**TASK MATERIAL**

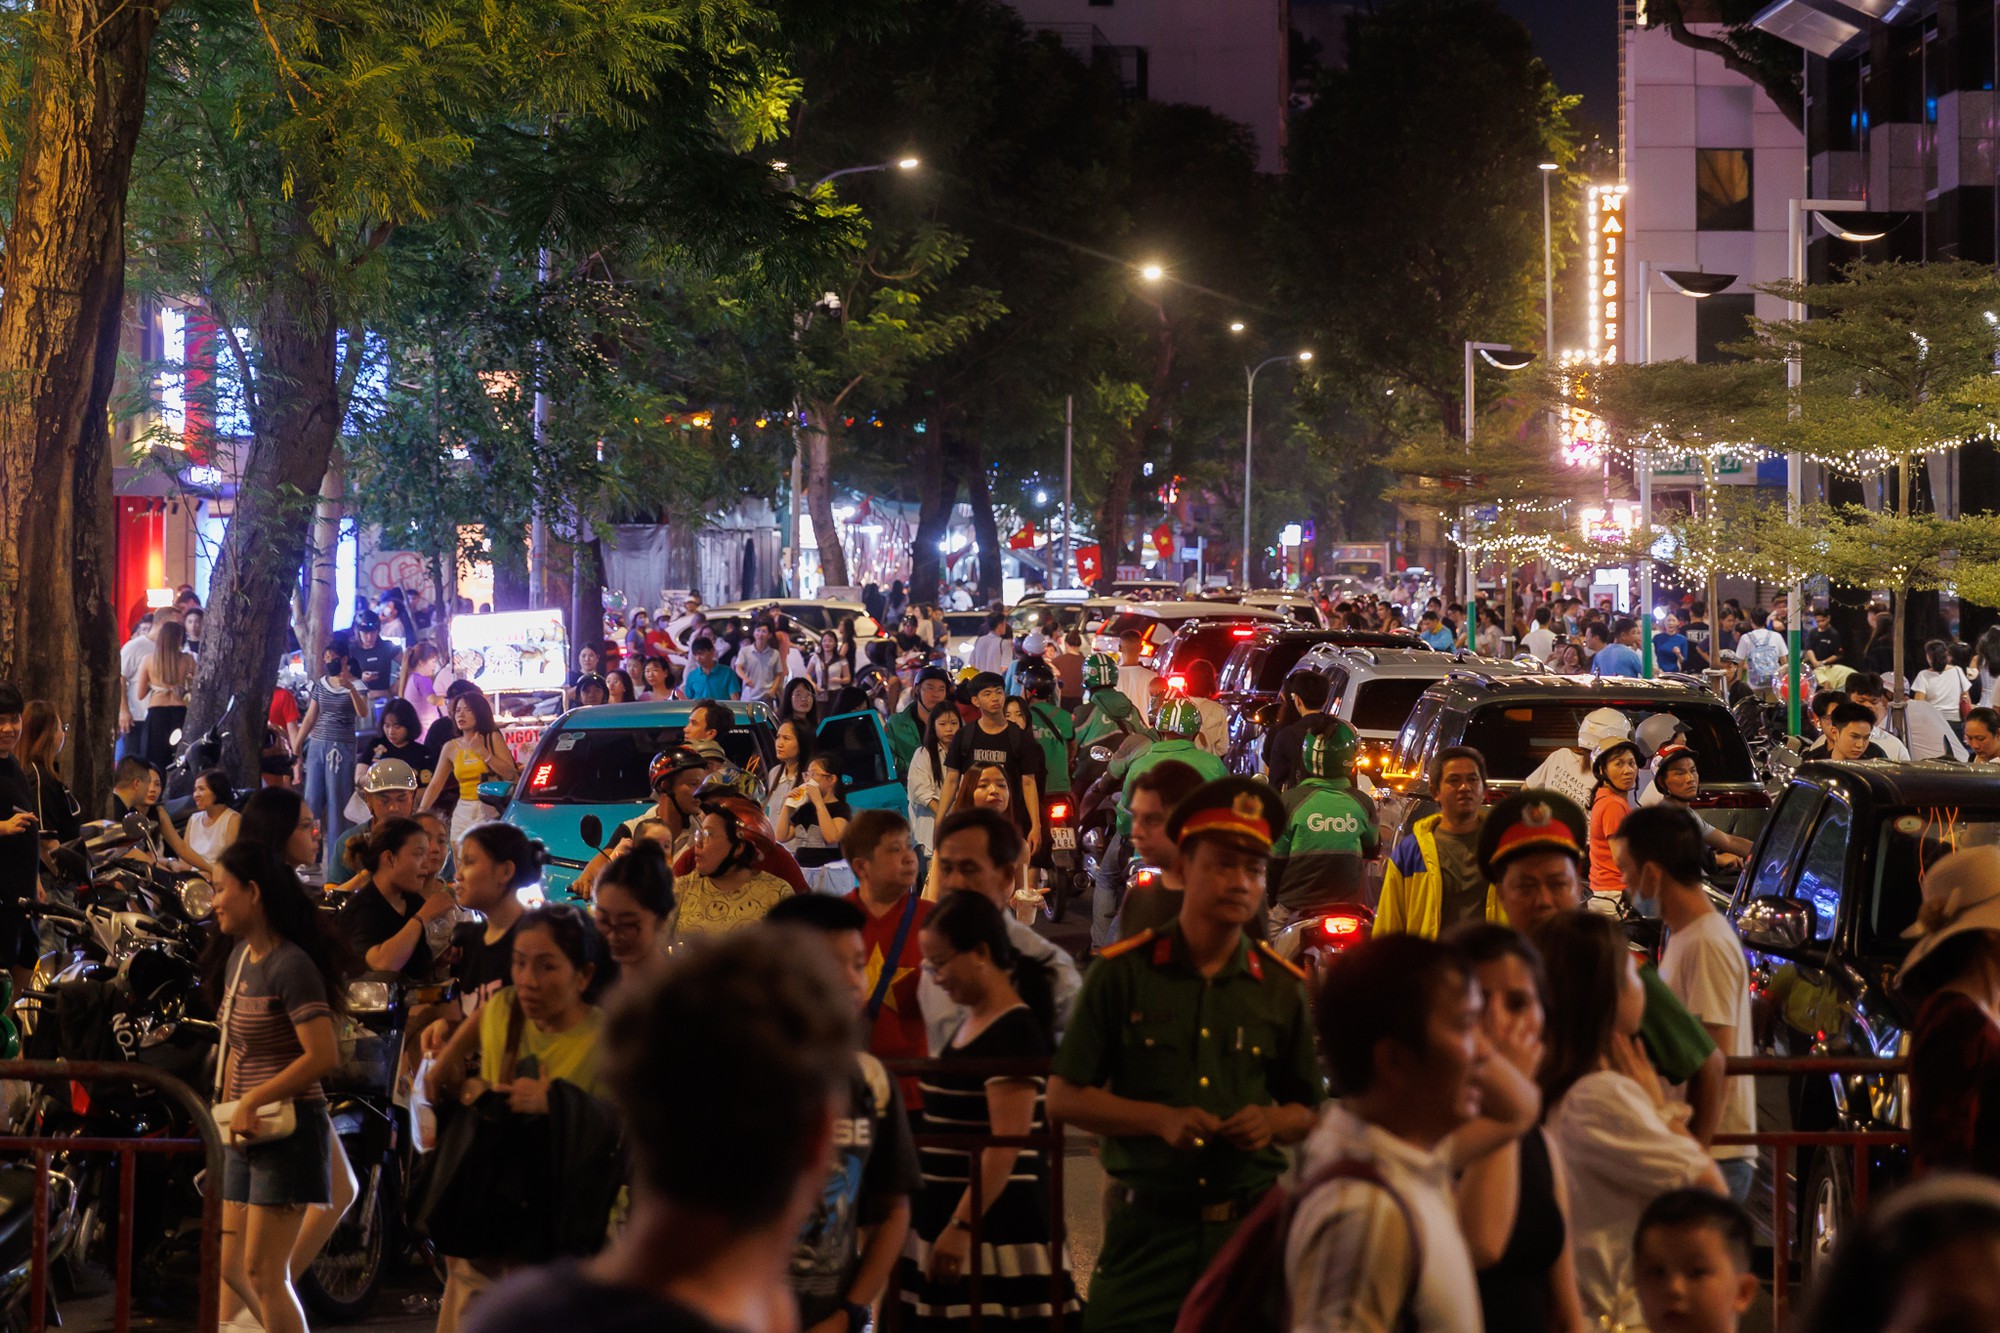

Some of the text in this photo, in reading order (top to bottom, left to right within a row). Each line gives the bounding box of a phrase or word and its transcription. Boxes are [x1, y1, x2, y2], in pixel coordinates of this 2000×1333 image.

[533, 764, 552, 785] TAXI
[1307, 813, 1358, 832] Grab
[833, 1117, 871, 1146] SE
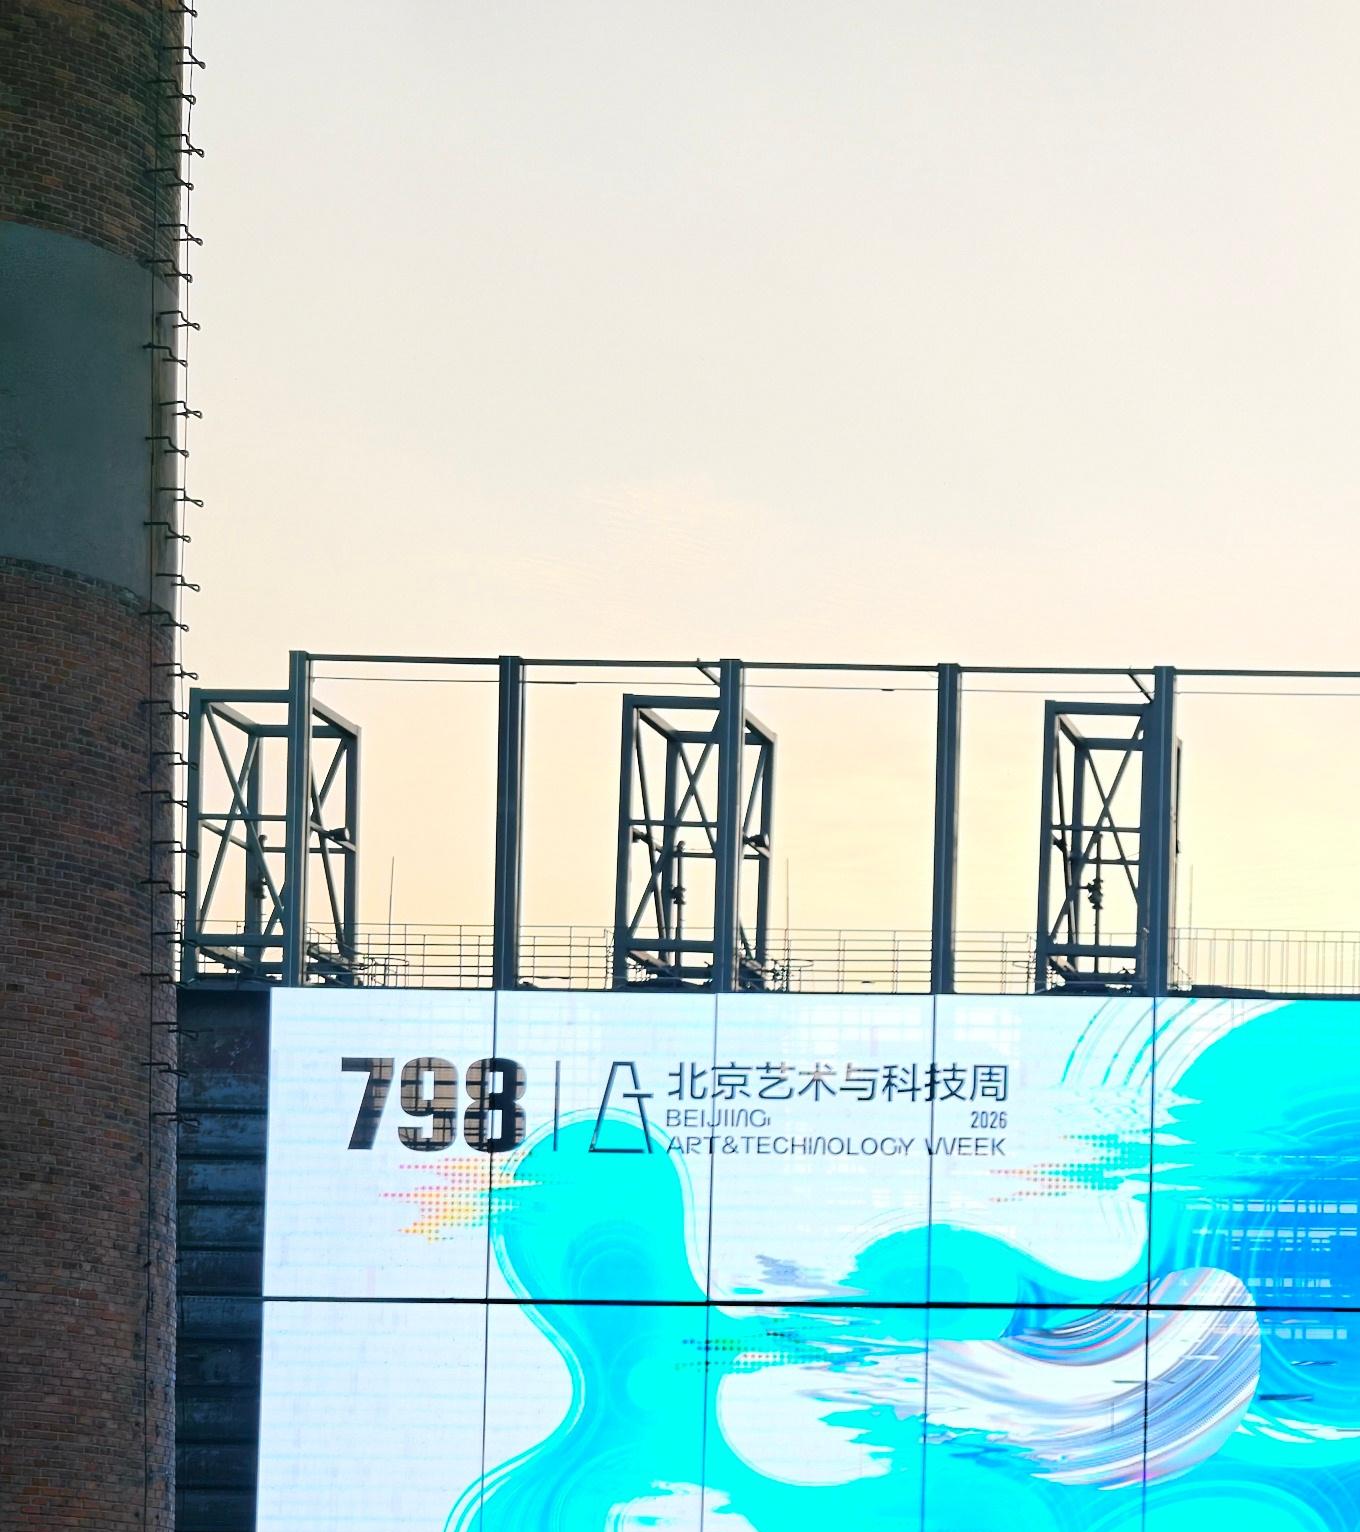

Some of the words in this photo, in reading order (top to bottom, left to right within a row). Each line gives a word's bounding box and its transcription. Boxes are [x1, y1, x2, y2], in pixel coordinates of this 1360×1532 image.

[667, 1061, 1009, 1102] 北京艺术与科技周
[341, 1056, 527, 1152] 798
[970, 1111, 1008, 1129] 2026
[925, 1137, 1007, 1156] WEEK
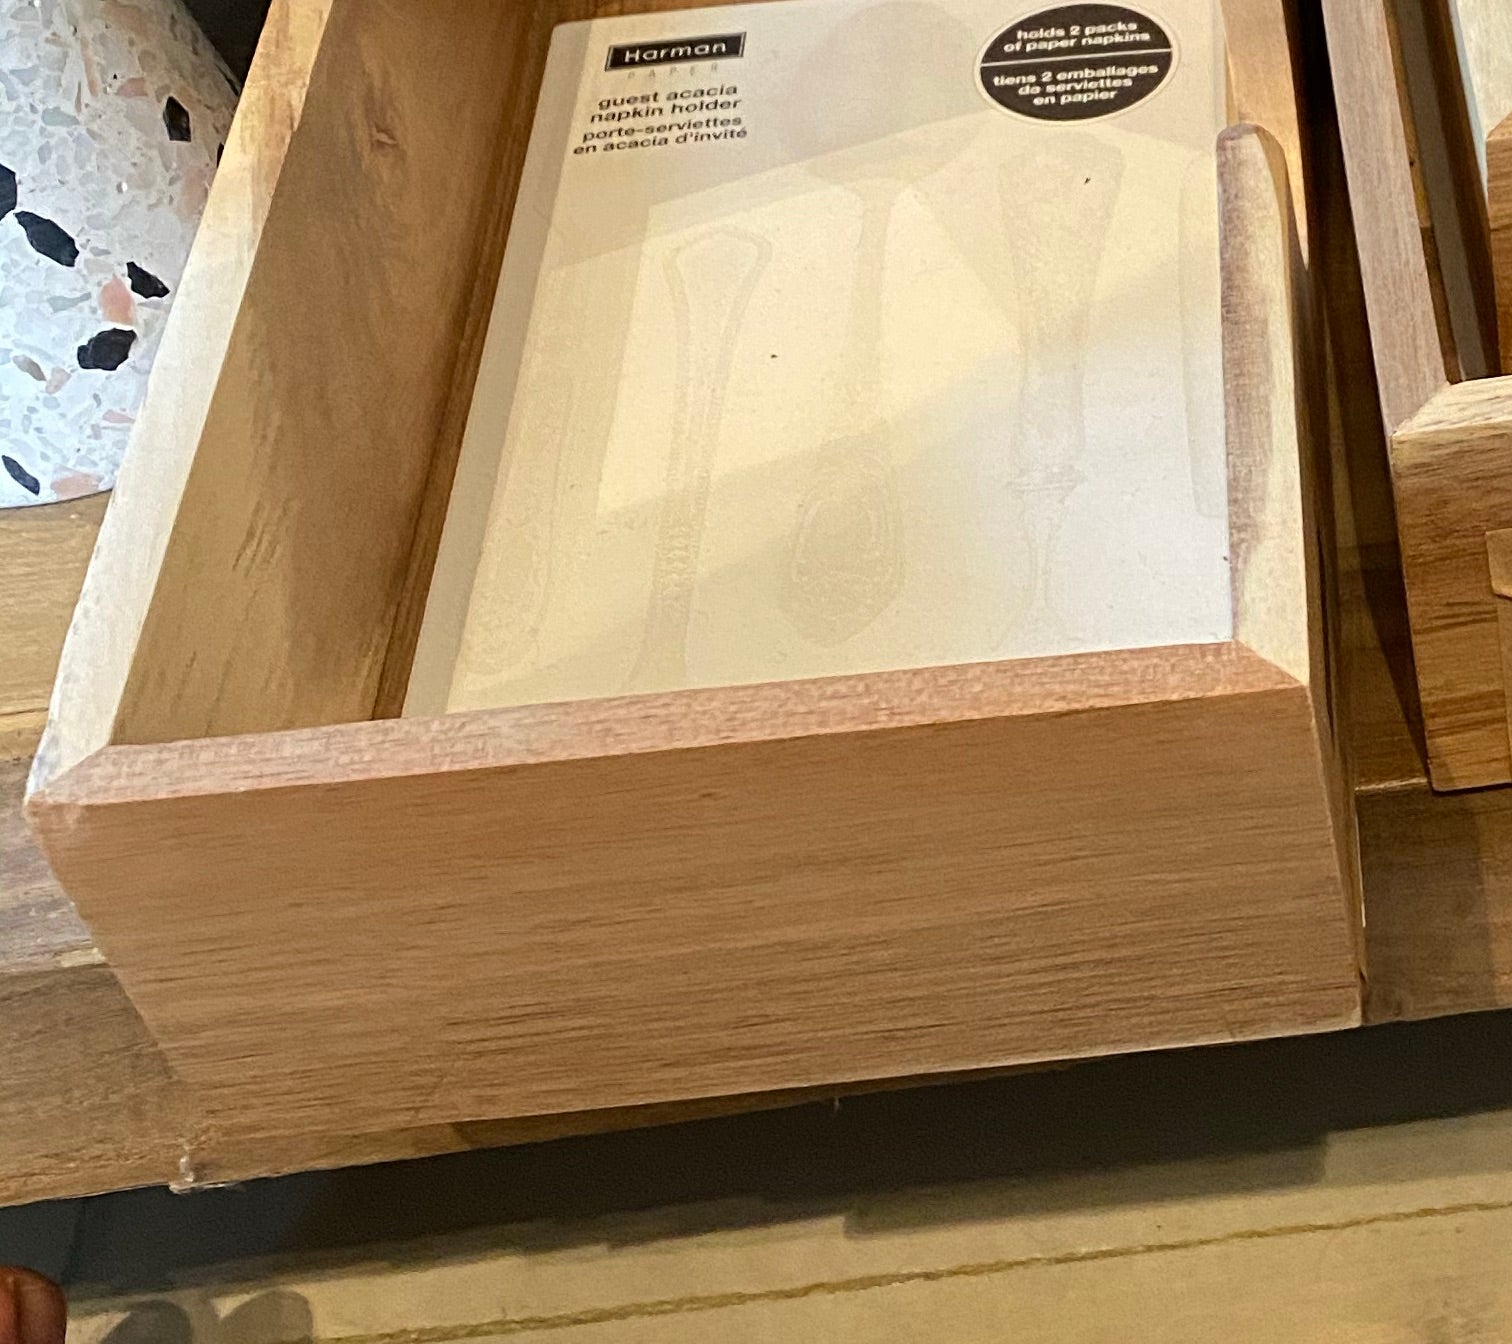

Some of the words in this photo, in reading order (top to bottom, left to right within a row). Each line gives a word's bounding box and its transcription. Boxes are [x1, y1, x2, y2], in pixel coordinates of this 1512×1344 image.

[1017, 27, 1065, 40] holds
[1070, 25, 1080, 36] 2
[1085, 21, 1138, 36] packs
[624, 42, 727, 63] Harman
[1004, 41, 1022, 53] of
[1026, 37, 1076, 53] paper
[1081, 31, 1150, 47] napkins
[993, 73, 1037, 86] tiens
[1041, 71, 1052, 82] 2
[1056, 64, 1159, 81] emballages
[598, 91, 658, 110] guest
[666, 83, 738, 101] acacia
[1018, 84, 1040, 96] de
[1046, 77, 1133, 93] serviettes
[1033, 94, 1055, 106] en
[1060, 89, 1117, 105] papier
[591, 104, 664, 123] napkin
[671, 98, 742, 114] holder
[583, 116, 742, 142] porte-serviettes
[573, 143, 597, 155] en
[603, 134, 668, 152] acacia
[675, 126, 747, 144] d'invité
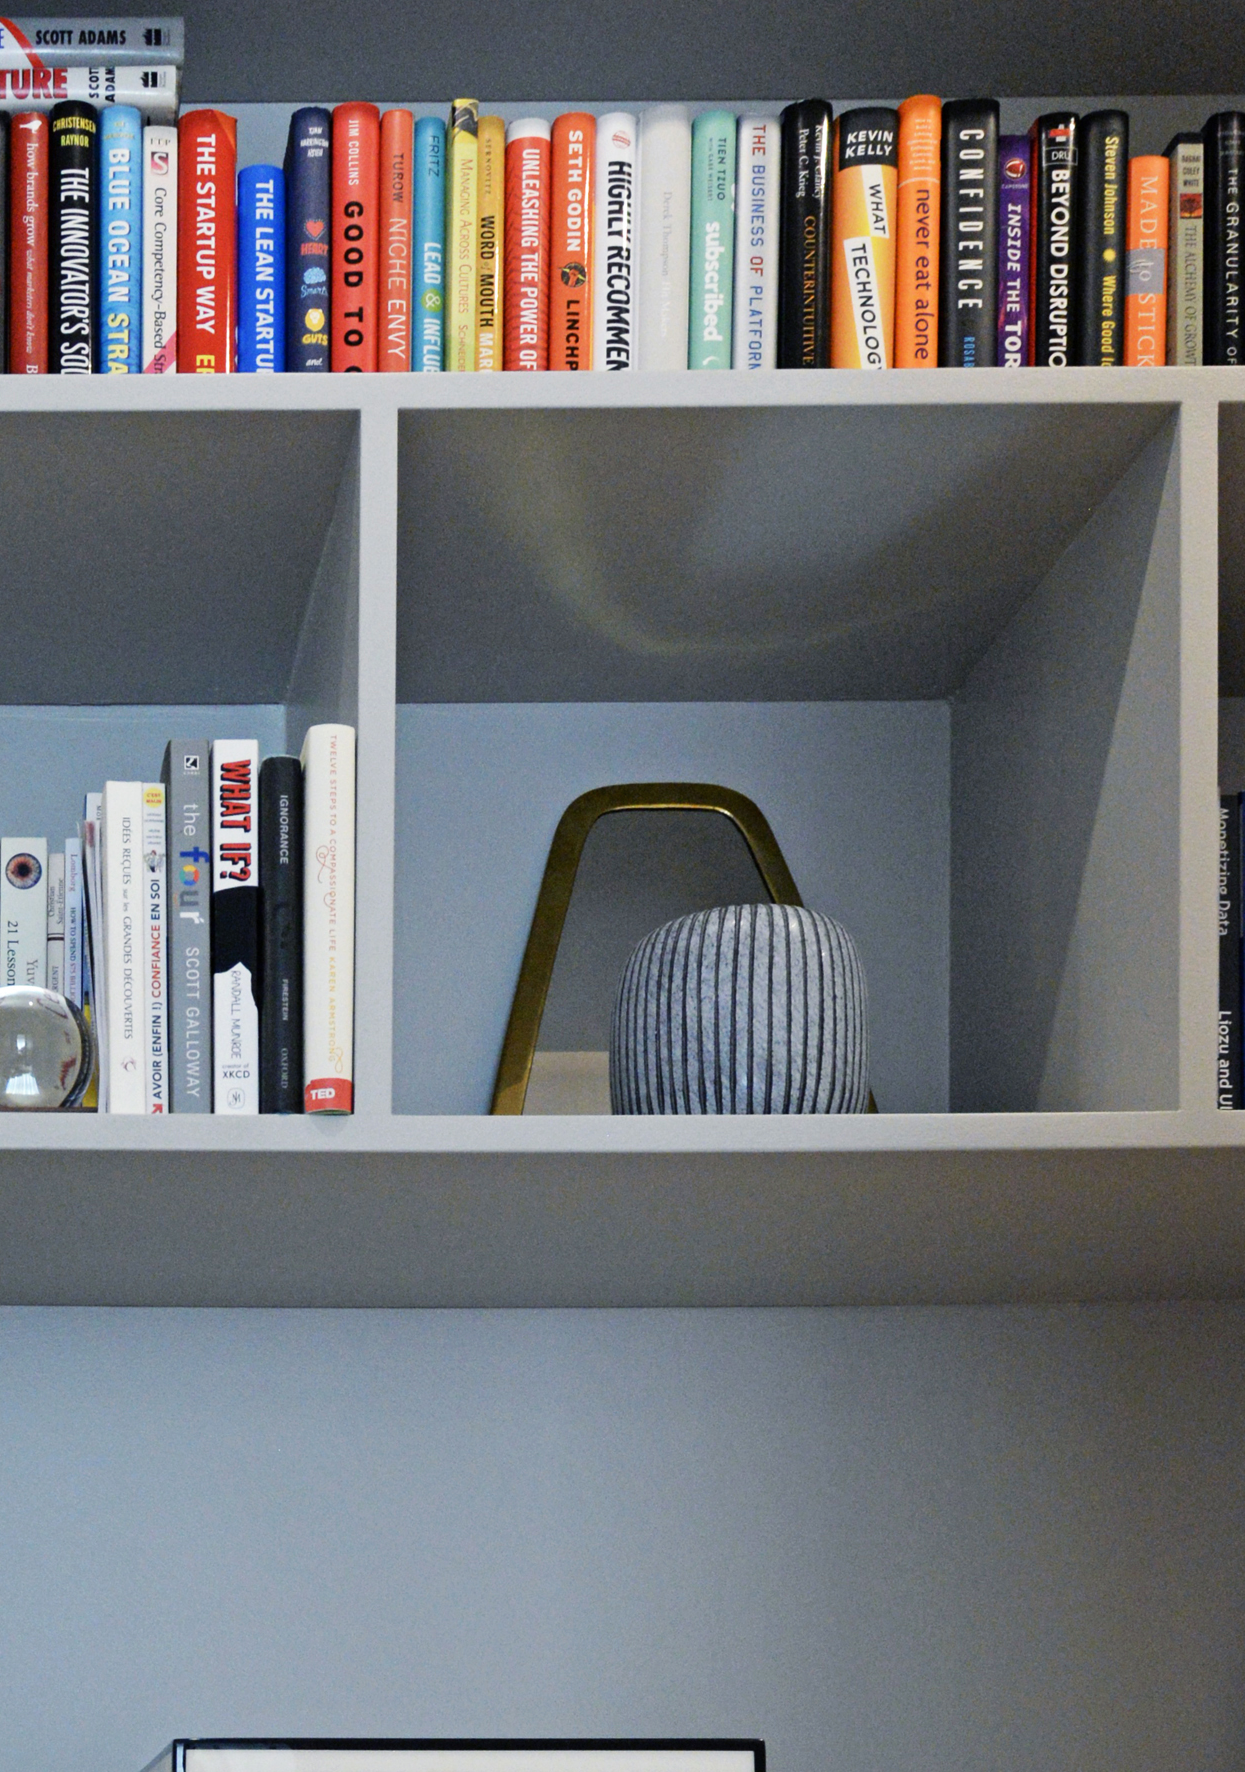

**WHAT IS EXPECTED**
Without the pictures, return all the entries above exactly as they stand.

**WRITTEN RESPONSE**
Some of the text in this photo, in reading order (top to bottom, left to right within a row). Each line gives the bounding box of a phrase or word and its transcription. Boxes are [x1, y1, x2, y2], in pixel coordinates of this 2000×1333 image.

[533, 764, 552, 785] TAXI
[1307, 813, 1358, 832] Grab
[833, 1117, 871, 1146] SE

Some of the words in this photo, in reading order (top to bottom, left to right within a row). Each line gives a word's bounding box and its transcription. Boxes are [x1, y1, x2, y2], in pixel coordinates of this 1360×1532 image.

[667, 1061, 1009, 1102] 北京艺术与科技周
[341, 1056, 527, 1152] 798
[970, 1111, 1008, 1129] 2026
[925, 1137, 1007, 1156] WEEK

Some of the words in this photo, in reading order (top to bottom, left to right within a row). Each line gives a word's bounding box and its transcription. Boxes are [x1, y1, x2, y2], in pixel coordinates of this 1512×1344 image.

[1017, 27, 1065, 40] holds
[1070, 25, 1080, 36] 2
[1085, 21, 1138, 36] packs
[624, 42, 727, 63] Harman
[1004, 41, 1022, 53] of
[1026, 37, 1076, 53] paper
[1081, 31, 1150, 47] napkins
[993, 73, 1037, 86] tiens
[1041, 71, 1052, 82] 2
[1056, 64, 1159, 81] emballages
[598, 91, 658, 110] guest
[666, 83, 738, 101] acacia
[1018, 84, 1040, 96] de
[1046, 77, 1133, 93] serviettes
[1033, 94, 1055, 106] en
[1060, 89, 1117, 105] papier
[591, 104, 664, 123] napkin
[671, 98, 742, 114] holder
[583, 116, 742, 142] porte-serviettes
[573, 143, 597, 155] en
[603, 134, 668, 152] acacia
[675, 126, 747, 144] d'invité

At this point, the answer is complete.